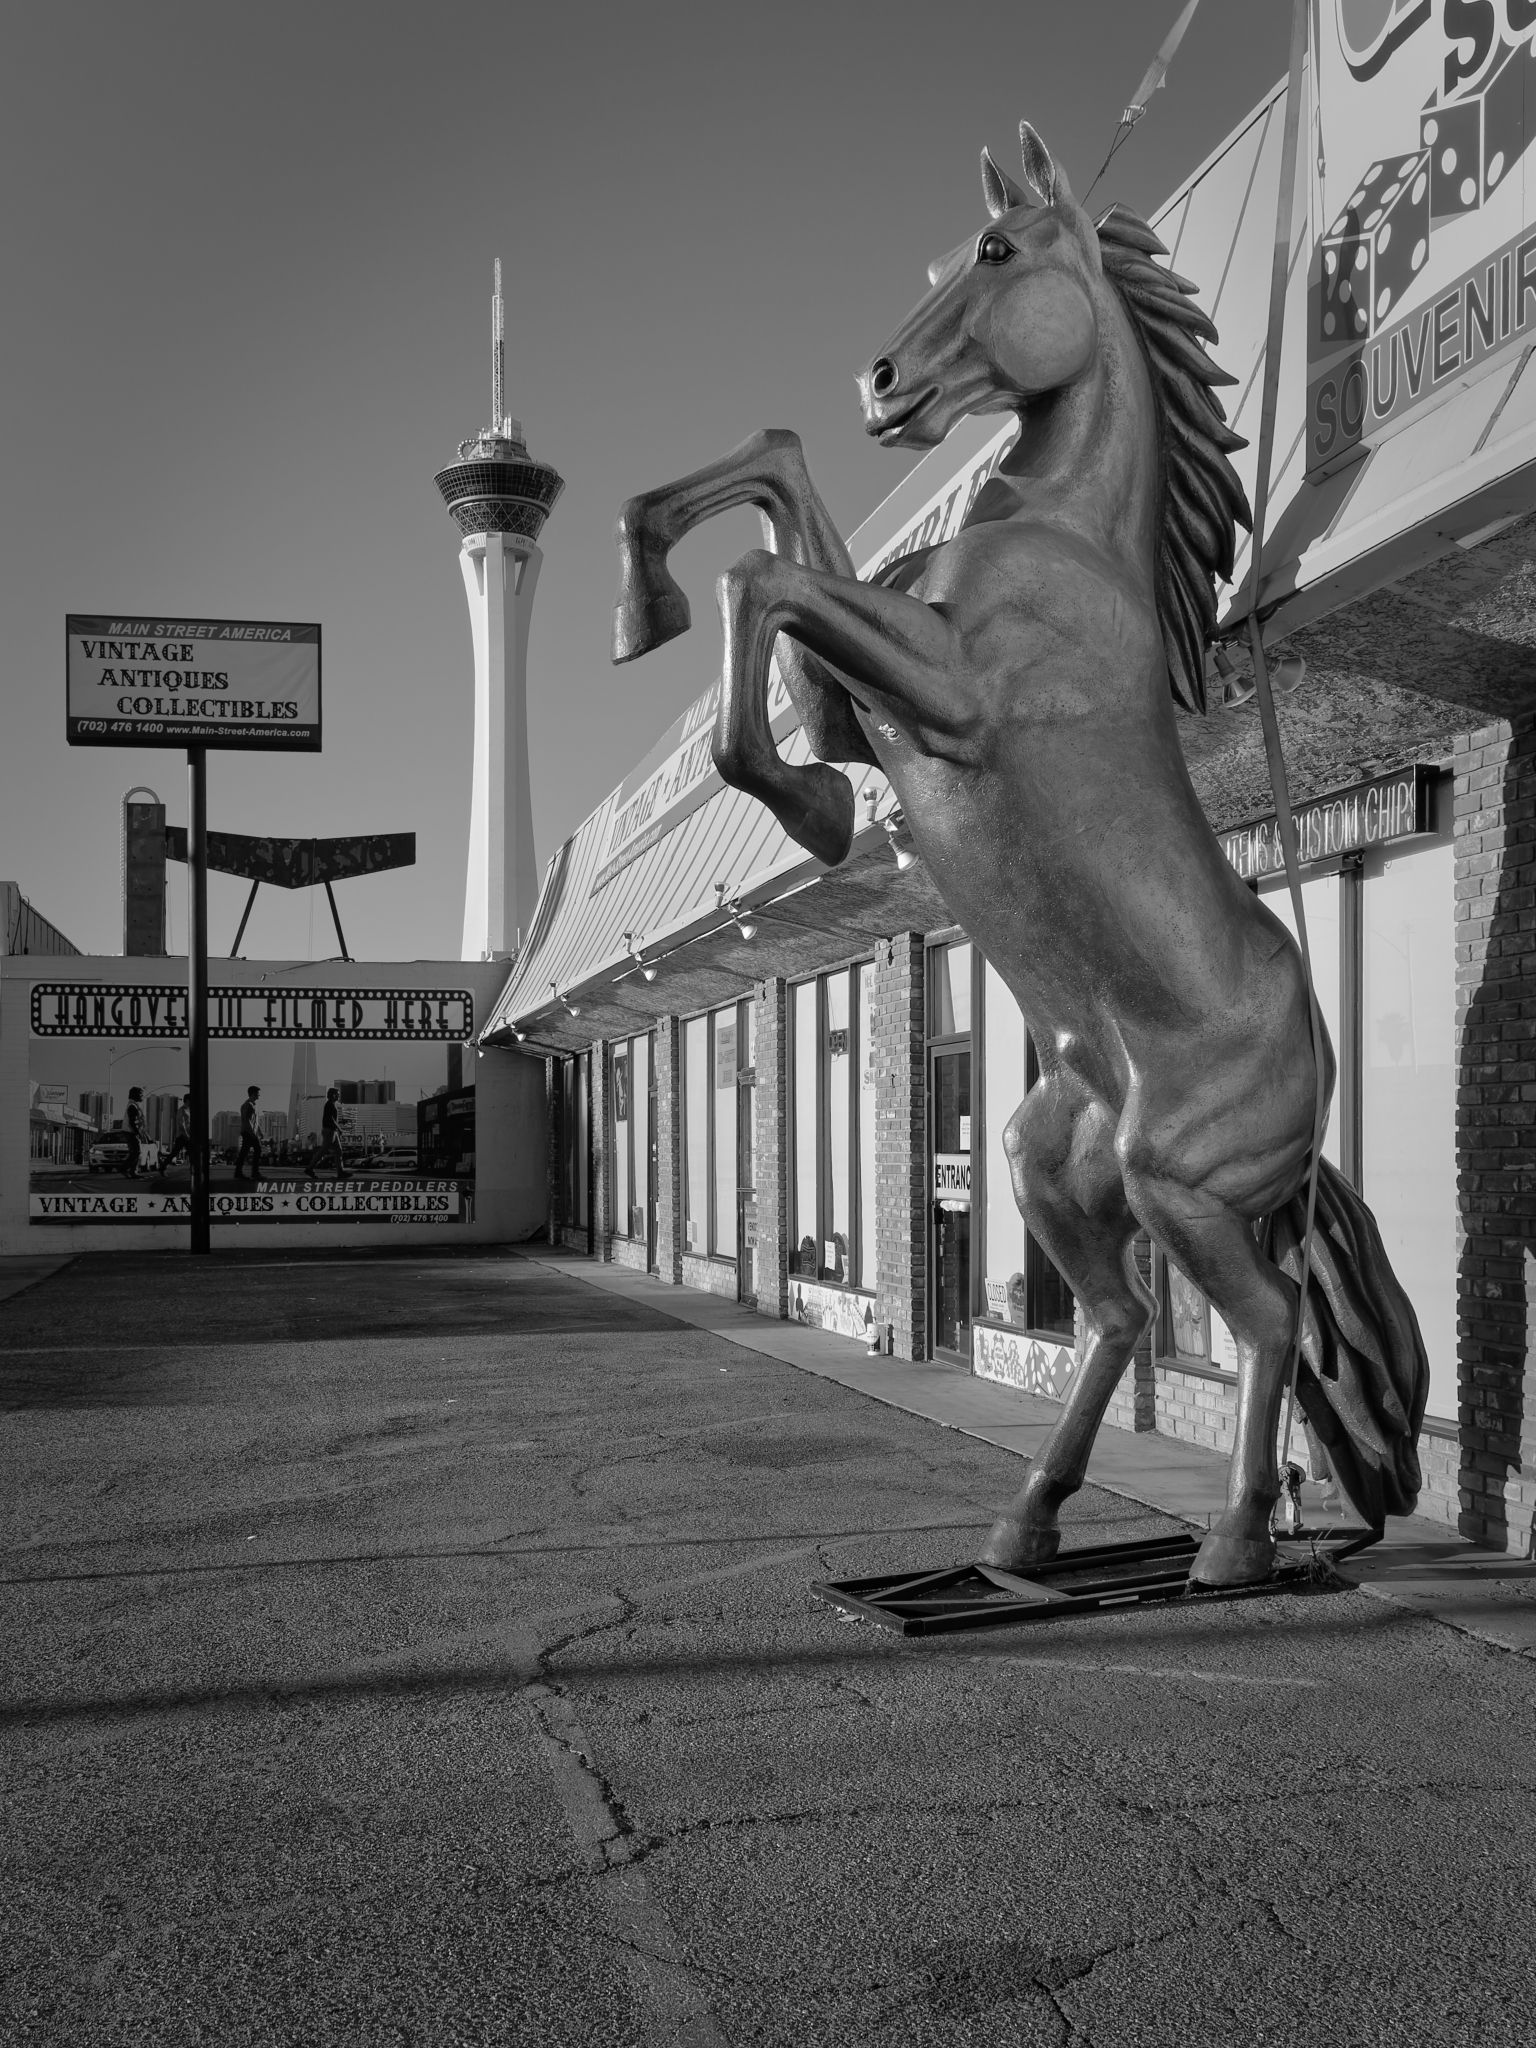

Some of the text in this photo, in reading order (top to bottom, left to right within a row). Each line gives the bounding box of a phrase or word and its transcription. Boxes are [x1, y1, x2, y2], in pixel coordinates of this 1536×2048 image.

[108, 622, 291, 641] MAIN STREET AMERICA
[80, 640, 194, 662] VINTAGE
[97, 668, 229, 692] ANTIQUES
[117, 696, 298, 719] COLLECTIBLES
[77, 720, 310, 738] (702) 476 1400 www.Main-Street-America.com
[607, 772, 665, 859] VINTAGE
[217, 998, 242, 1028] III
[264, 999, 363, 1029] FILMED
[384, 1000, 449, 1029] HERE
[256, 1181, 459, 1193] MAIN STREET PEDDLERS
[935, 1164, 971, 1191] ENTRANC
[40, 1196, 449, 1215] VINTAGE ANIQUES COLLECTIBLES
[390, 1214, 411, 1224] (702)
[429, 1214, 449, 1222] 1400
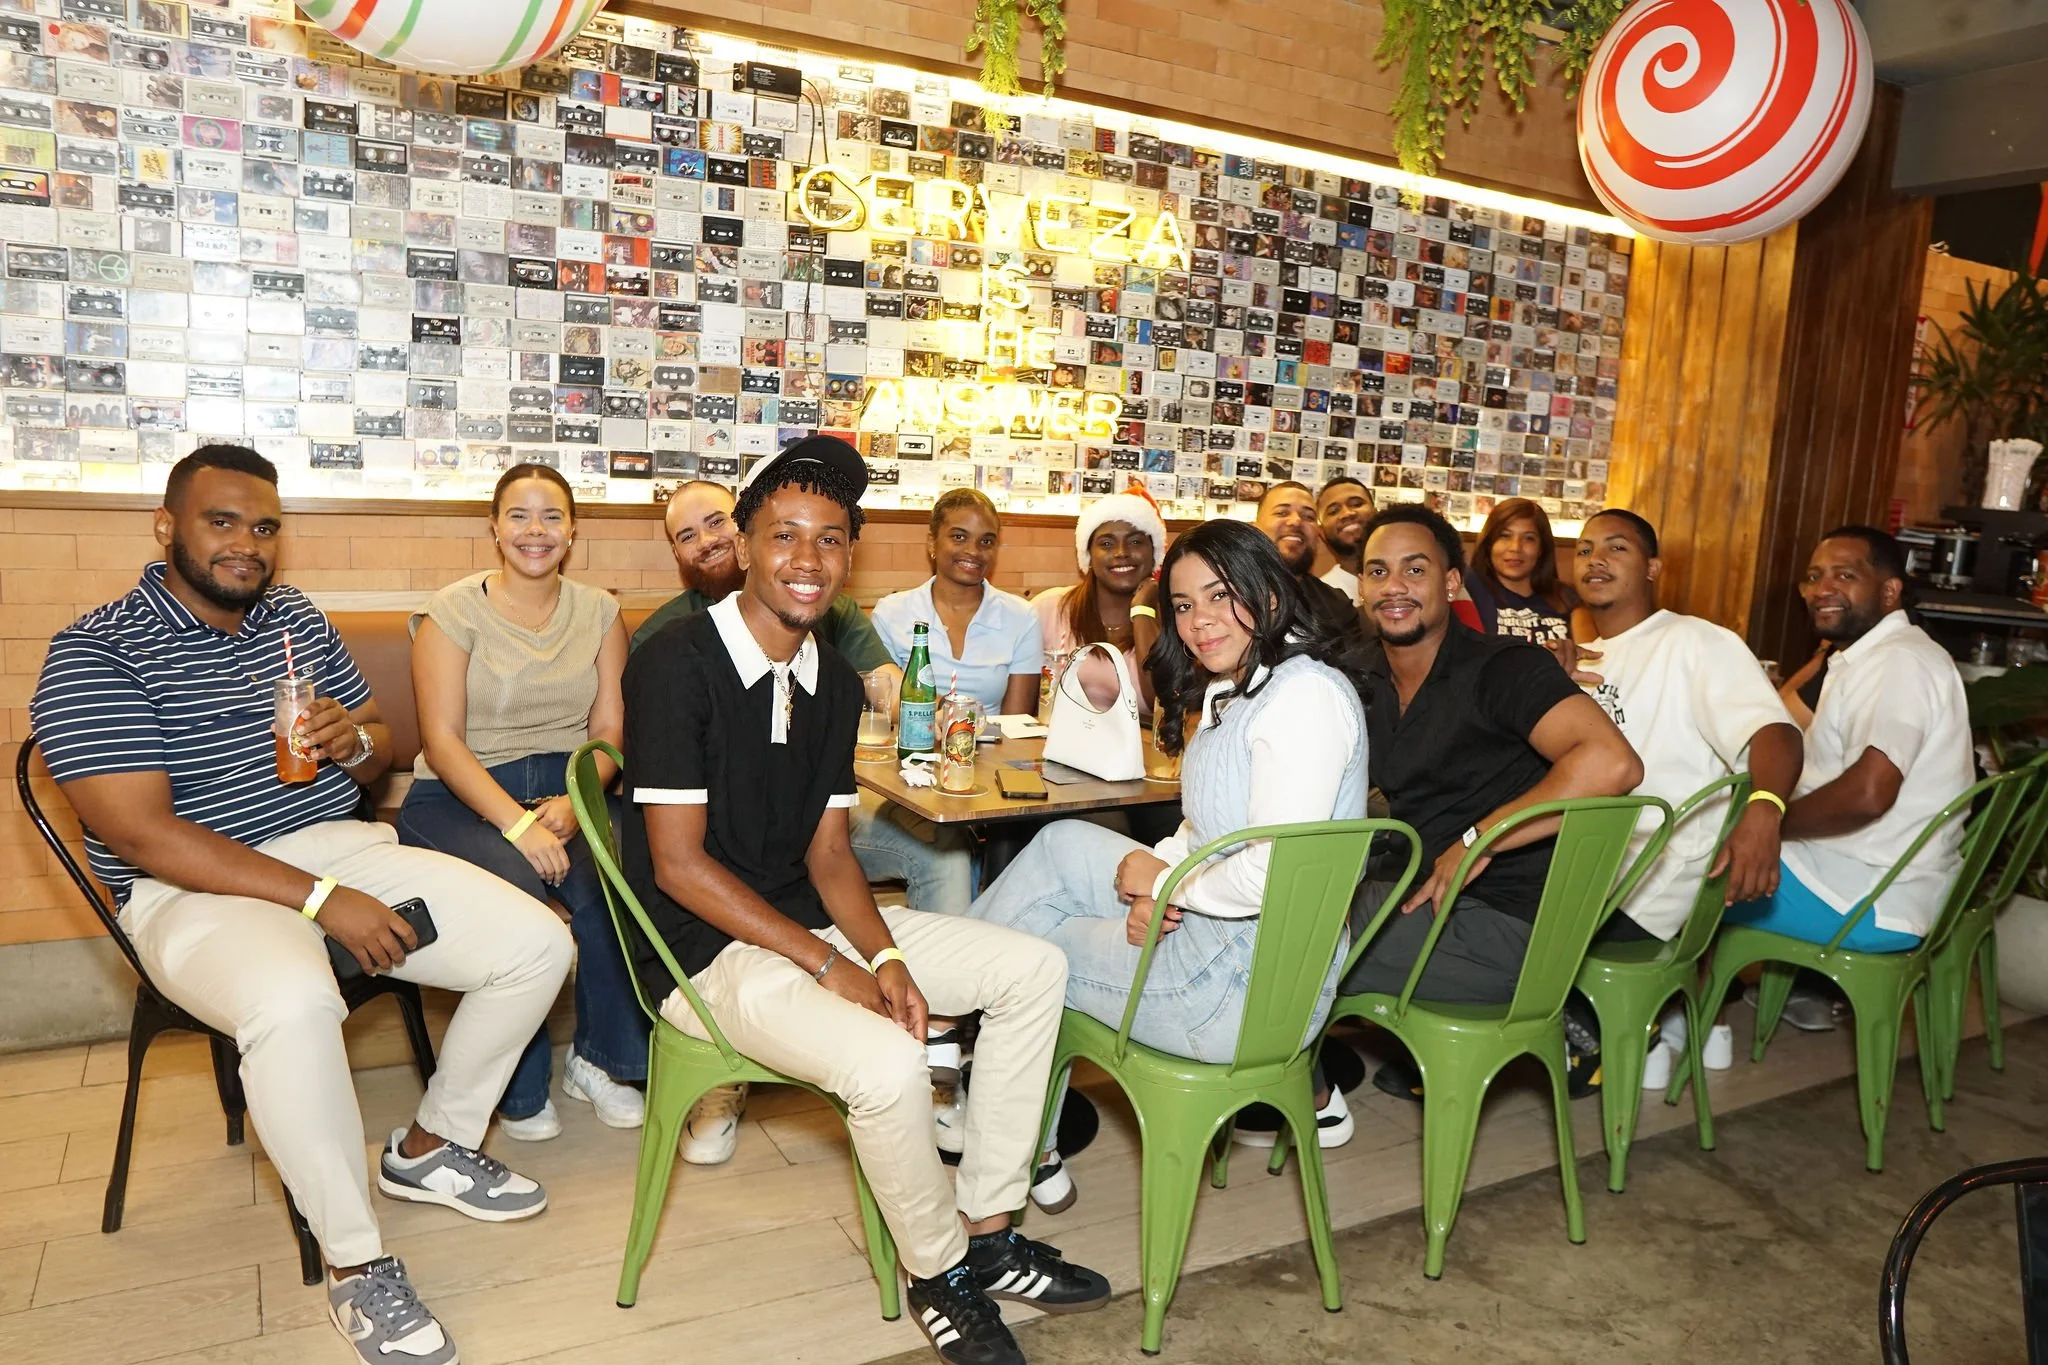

### Exercise instructions
An exact transcription of the material is required, without any pictures.

### Written answer
Some of the text in this photo, in reading order (top to bottom, left to right within a row). Each line gives the bounding box of a phrase or word and its transcription. Boxes are [x1, y1, x2, y2], in pixel coordinates of this 1536×2048 image.

[108, 622, 291, 641] MAIN STREET AMERICA
[80, 640, 194, 662] VINTAGE
[97, 668, 229, 692] ANTIQUES
[117, 696, 298, 719] COLLECTIBLES
[77, 720, 310, 738] (702) 476 1400 www.Main-Street-America.com
[607, 772, 665, 859] VINTAGE
[217, 998, 242, 1028] III
[264, 999, 363, 1029] FILMED
[384, 1000, 449, 1029] HERE
[256, 1181, 459, 1193] MAIN STREET PEDDLERS
[935, 1164, 971, 1191] ENTRANC
[40, 1196, 449, 1215] VINTAGE ANIQUES COLLECTIBLES
[390, 1214, 411, 1224] (702)
[429, 1214, 449, 1222] 1400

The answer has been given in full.